Lagrange’s equations in time-space

This post is based on the article Deriving Lagrange’s equations using elementary calculus by Josef Hanc, Edwin F. Taylow, and Slavomir Tuleja (AJP 72(4) 2004), which provides a derivation of Lagrange’s equations from the principle of least action using elementary calculus.

A tempicle moves along the t axis with potential lethargy W(t), which is location-independent. For this special case the Lagrange function or Lagrangian M has the form:

$M(t,w)=K-W=\frac{1}{2}nw^2-W(t).$

Lagrange’s Equation

Begin by fixing events 1 and 3 and varying time, t, in way similar to varying location, x, in the article.

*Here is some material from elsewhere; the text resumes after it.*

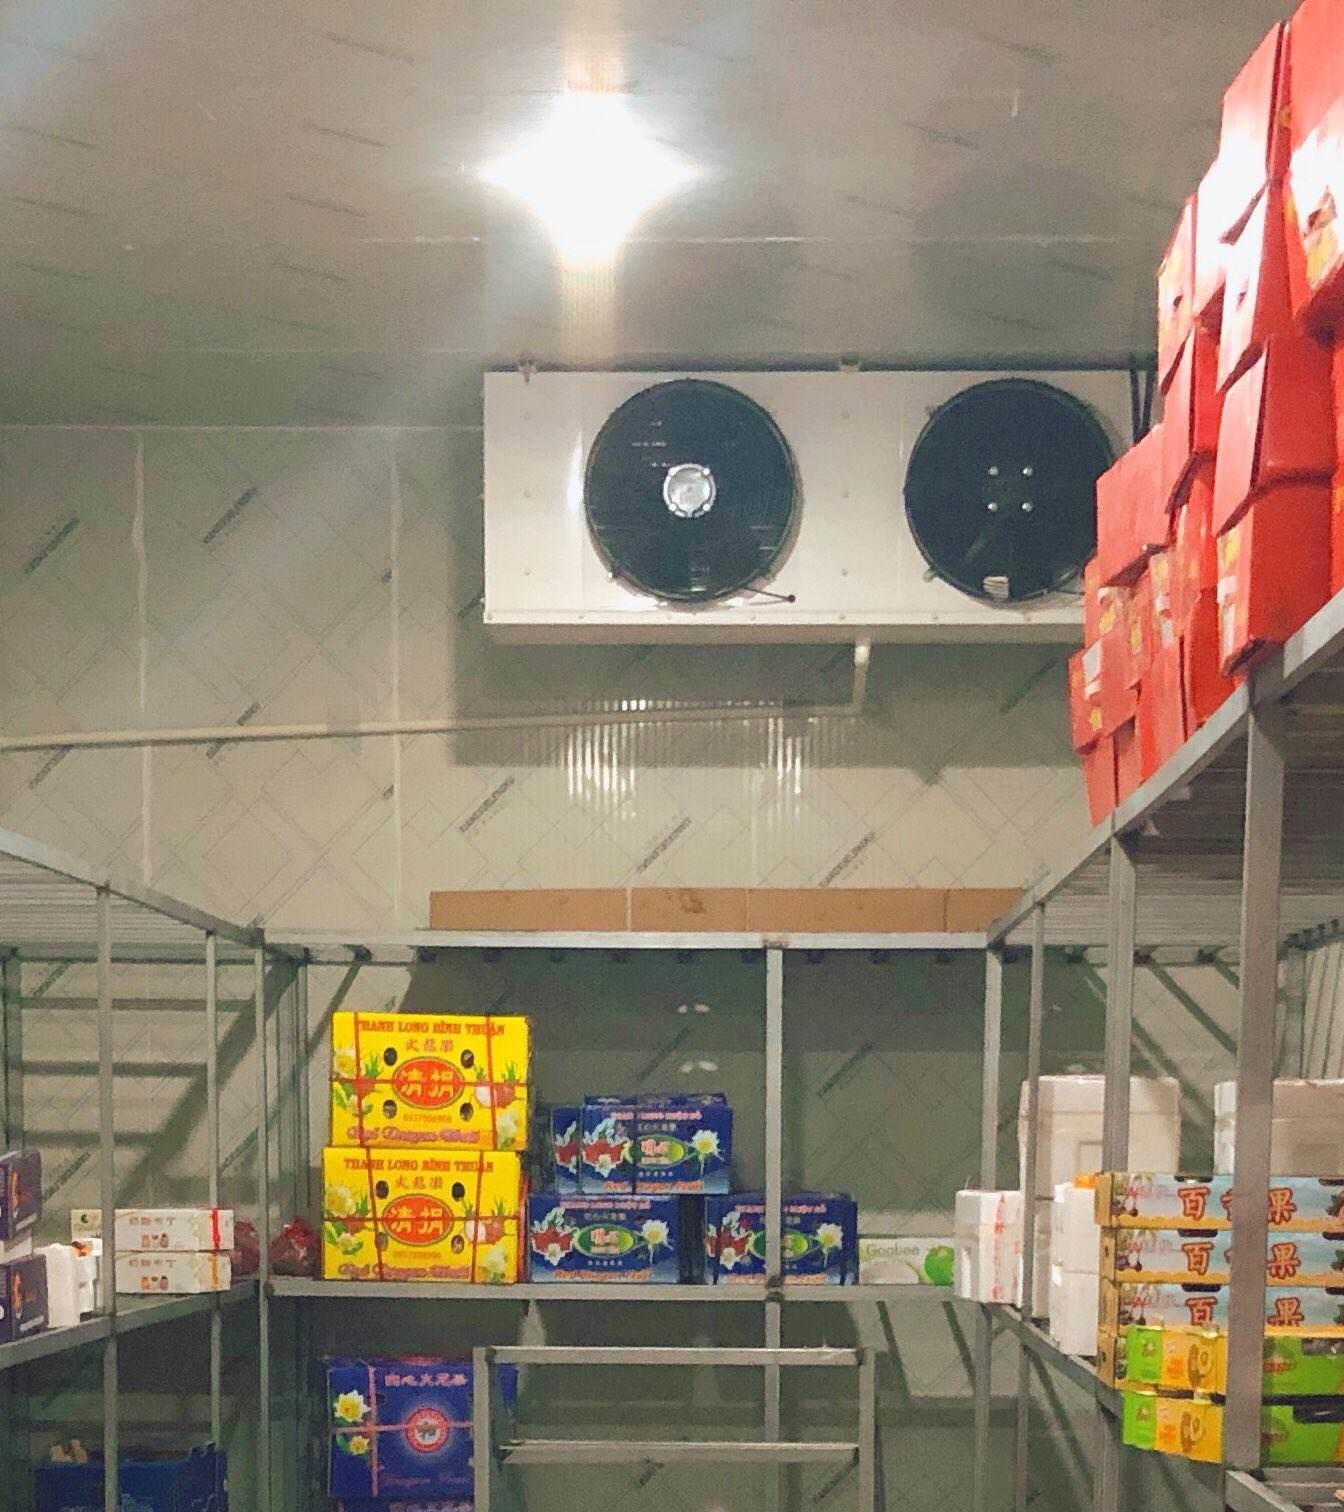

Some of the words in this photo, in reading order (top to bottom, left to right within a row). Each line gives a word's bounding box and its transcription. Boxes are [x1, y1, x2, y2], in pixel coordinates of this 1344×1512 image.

[1177, 1186, 1297, 1225] 百果
[1181, 1241, 1302, 1280] 百果
[1185, 1296, 1306, 1326] 百果

The average times and lenticities along segments A and B are

$t_A=\frac{t_1+t}{2},\; w_A=\frac{t-t_1}{\Delta x},$

$t_B=\frac{t+t_3}{2},\; w_B=\frac{t_3-t}{\Delta x}.$

The above expressions are all functions of the single variable t. For later use take the derivatives with respect to t:

$\frac{dt_A}{dt}=\frac{1}{2},\; \frac{dw_A}{dt}=+\frac{1}{\Delta x},$

$\frac{dt_B}{dt}=\frac{1}{2},\; \frac{dw_B}{dt}=-\frac{1}{\Delta x}.$

Let M_A and M_B be the values of the Lagrangian on segments A and B, respectively, and label the summed action across these two segments as T_AB:

Q_AB = M_A Δx + M_B Δx.

The principle of least action requires that the coordinates of the middle event t be chosen to yield the smallest value of the action between the fixed events 1 and 3. If we sest the derivative of T_AB with respect to t equal to zero and use the chain rule, we obtain

$\frac{dQ_{AB}}{dt}=0= \frac{\partial M_A}{\partial t_A}\frac{\mathrm{d} t_A}{\mathrm{d} t}\Delta x + \frac{\partial M_A}{\partial w_A}\frac{\mathrm{d} w_A}{\mathrm{d} t}\Delta x + \frac{\partial M_B}{\partial t_B}\frac{\mathrm{d} t_B}{\mathrm{d} t}\Delta x + \frac{\partial M_B}{\partial w_B}\frac{\mathrm{d} w_B}{\mathrm{d} t}\Delta x.$

Next substitute the derivatives above into this equation, divide through by Δx, and regroup the terms to obtain

$\frac{1}{2}\left ( \frac{\partial M_A}{\partial t_A}+\frac{\partial M_B}{\partial t_B} \right )- \frac{1}{\Delta x}\left ( \frac{\partial M_B}{\partial w_B}-\frac{\partial M_A}{\partial w_A} \right )=0.$

To first order, the first term above is the average value of ∂M/∂t on the two segments A and B. In the limit Δx→0, this term approaches the value of the partial derivative at t. In the same limit, the second term above becomes the location derivative of the partial derivative of the Lagrangian with respect to lenticity d(∂M/∂w)/dt. Therefore in the limit Δx→0, the above equation becomes the Lagrange equation in t:

$\frac{\partial M}{\partial t}-\frac{\mathrm{d} }{\mathrm{d} x}\left ( \frac{\partial M}{\partial w} \right )=0.$

The additive property of the action implies that the above equation is valid for every adjacent pair of segments.

Levamentum

Consider the case in which the Lagrangian does not depend explicitly on the t coordinate of the tempicle. Because it does not appear in the Lagrangian, the t coordinate is “ignorable” of “cyclic.” For a Lagrangian that is only a function of the lenticity, M = M(w), Lagrange’s equation above tells us that the location derivative of ∂M/∂w is zero. From the first equation above, we find that ∂M/∂w = nw, which implies that the levamentum, q = vw, is a constant of the motion.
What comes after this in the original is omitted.